Superior Court of Delaware, New Castle

January 14, 2013

STATE OF DELAWARE,
v.
DARREN HUNT

ORDER

Calvin L. Scott, Jr., Judge

AND NOW, TO WIT, this 14th of January, 2013, IT IS HEREBY ORDERED as follows:

Introduction

Before this Court is Defendant Darren Hunt's ("Defendant") Motion to Suppress evidence seized from his person after he was stopped by Officers Jose Cintron ("Officer Cintron") and Gaten MacNamara ("Officer MacNamara") on July 18, 2012. Defendant argues that police officers did not have reasonable suspicion to suspect that he was committing a crime. Alternatively, Defendant argues that the search and seizure amounted to more than a mere stop because he was handcuffed and searched. The Court has held a suppression hearing and reviewed the parties' submissions. For the following reasons, Defendant's Motion to Suppress is DENIED.

Findings of Fact

Officer Cintron has worked for the Wilmington Police Department for five years and has been assigned to patrol for the duration of his career. For about half of his career, he has been assigned to the "Hill-top" area, also known as the 17 and 18 radio districts. Officer MacNamara has been with the Wilmington Police Department for about two and a half years. For about two years, Officers Cintron and MacNamara have been partners.

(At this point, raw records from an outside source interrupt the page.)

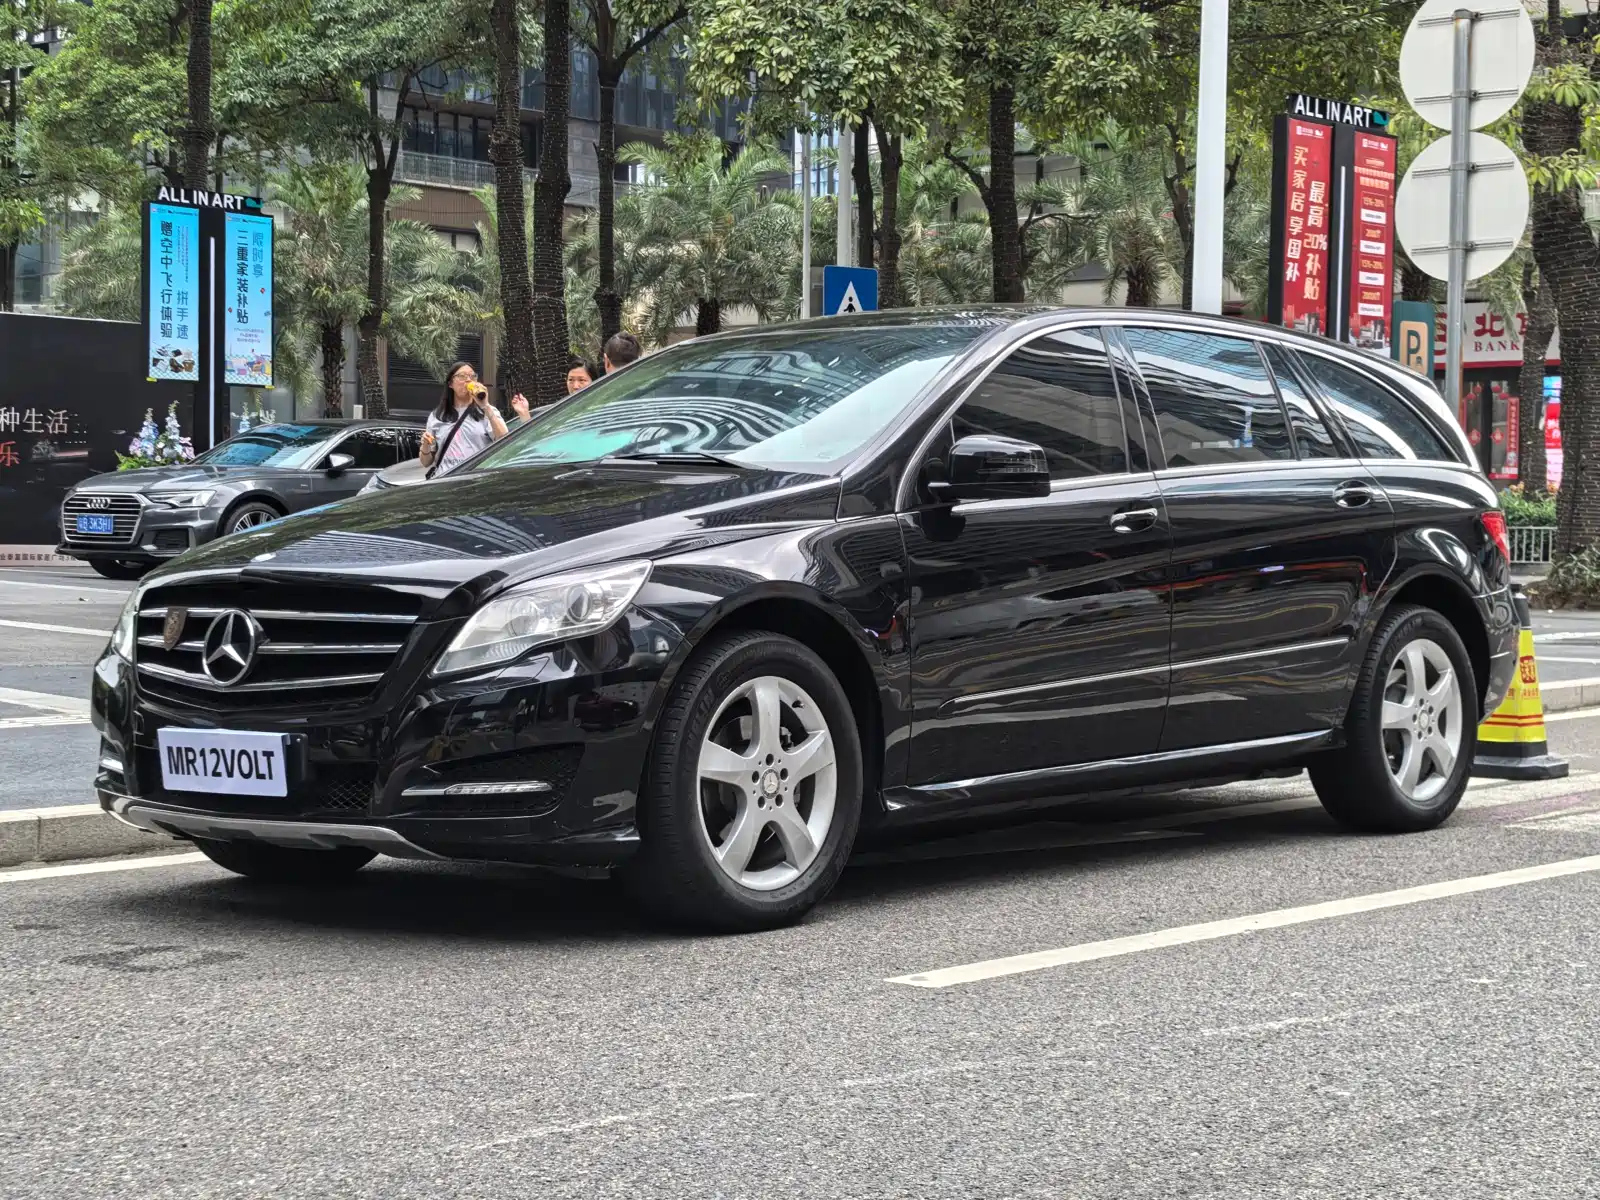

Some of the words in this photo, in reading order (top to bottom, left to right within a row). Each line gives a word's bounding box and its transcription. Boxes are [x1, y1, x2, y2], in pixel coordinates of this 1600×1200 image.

[1294, 95, 1323, 119] ALL
[1326, 100, 1340, 122] IN
[1343, 104, 1372, 128] ART
[158, 186, 190, 204] ALL
[193, 190, 209, 206] IN
[212, 193, 244, 210] ART
[1286, 145, 1309, 282] 买家居享国补
[1303, 180, 1328, 300] 最高20%补贴
[160, 220, 173, 339] 赠空中飞行体验
[236, 229, 249, 324] 三重家装补贴
[176, 289, 189, 340] 拼手速
[1407, 329, 1421, 366] P
[1474, 340, 1520, 353] BANK
[166, 745, 275, 780] MR12VOLT

On July 18, 2012, Officers Cintron and MacNamara were on patrol in the 500 block of North Broom Street in Wilmington, Delaware, which is an area within radio districts 17 and 18. The officers knew this area to be a high drug area where they had a majority of their drug-related arrests. The officers were patrolling the area due to numerous complaints from neighbors in the area about drug activity.

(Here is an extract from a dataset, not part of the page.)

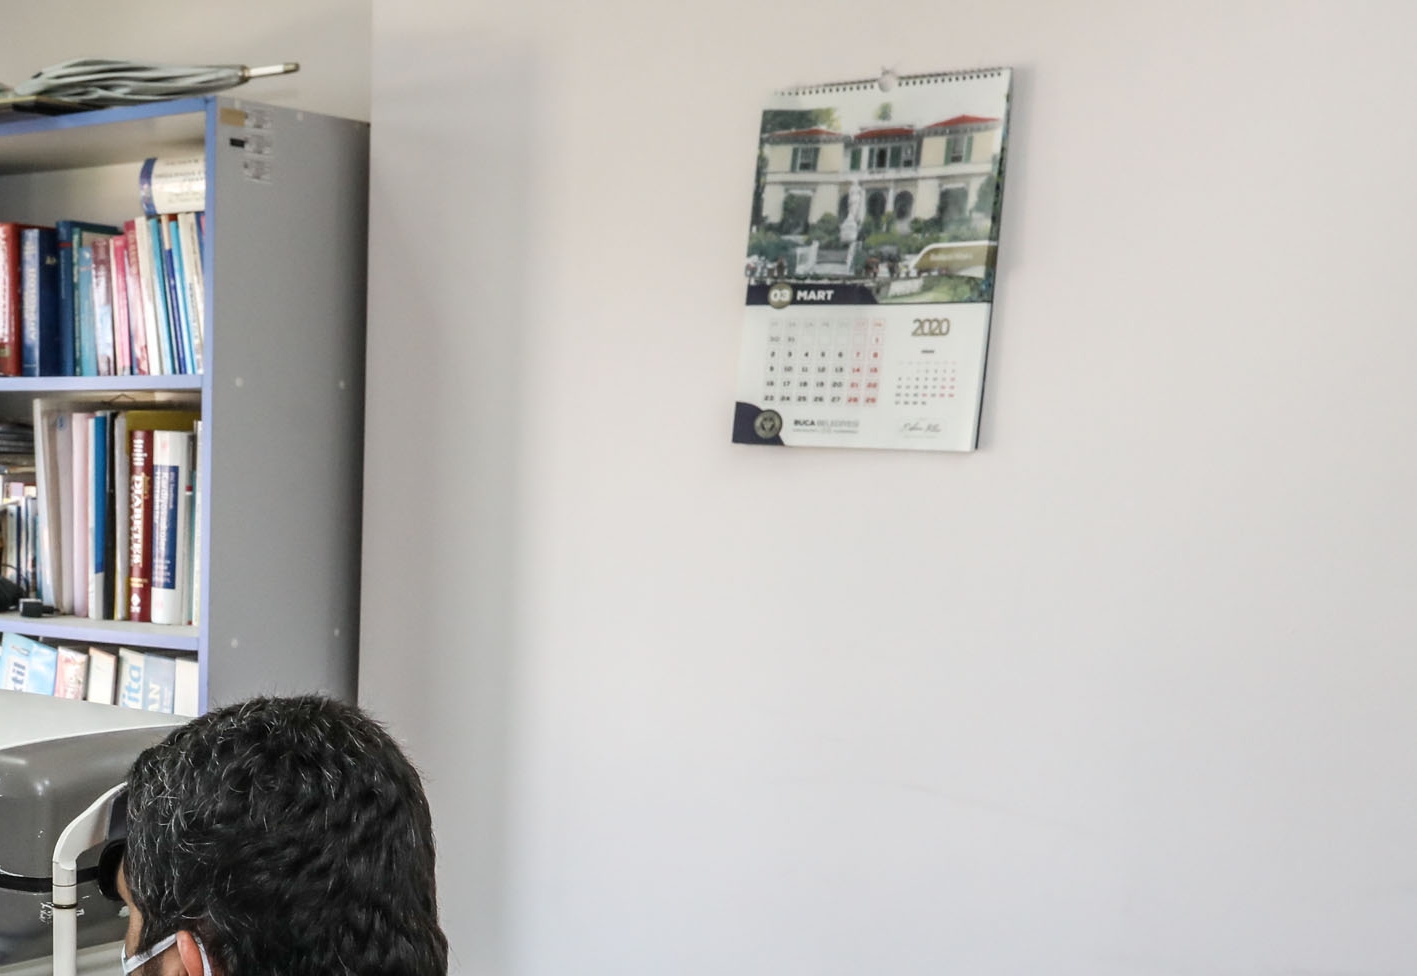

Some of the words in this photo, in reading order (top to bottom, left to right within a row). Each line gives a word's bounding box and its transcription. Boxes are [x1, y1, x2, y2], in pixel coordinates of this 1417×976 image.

[770, 289, 790, 301] 03
[796, 289, 835, 301] MART
[911, 318, 950, 336] 2020
[794, 419, 815, 427] BUCA

At about 1:10 p.m., while the officers were attempting to park on the southeast corner of 6th and Broom streets, they heard someone yell "Fire in the hole" from the 1400 block. Officer Cintron had heard this term before used to alert individuals in the area that there was police presence. Looking toward the 1300 block of 6th street, [1] the officers observed Defendant, a black male, and an unidentified white male facing each other in front of 1337 West 6th Street. From about 15-20 feet away, the officers saw the white male give Defendant money and the Defendant reached into his pocket and retrieved what the officers believed to be a package of narcotics. Based on their training and experience, the officers believed a hand-to-hand transaction was taking place.[2] As soon as the officers completed the turn onto the street, the individuals separated and traveled in opposite directions.[3] Defendant traveled east on 6th Street by getting on a bicycle and peddling fast towards Franklin Street. The officers arrived at the corner and exited the vehicle. Upon exiting the vehicle, Officer Cintron saw Defendant put the same package in his pocket, leave the bicycle, and run west on 6th Street. Officer Cintron chased after the Defendant. Other officers, including Officer MacNamara, chased the Defendant; one officer had physical contact with Defendant but was unable to apprehend him. Officer MacNamara gave loud commands to stop and eventually tackled Defendant to the ground and placed him into custody.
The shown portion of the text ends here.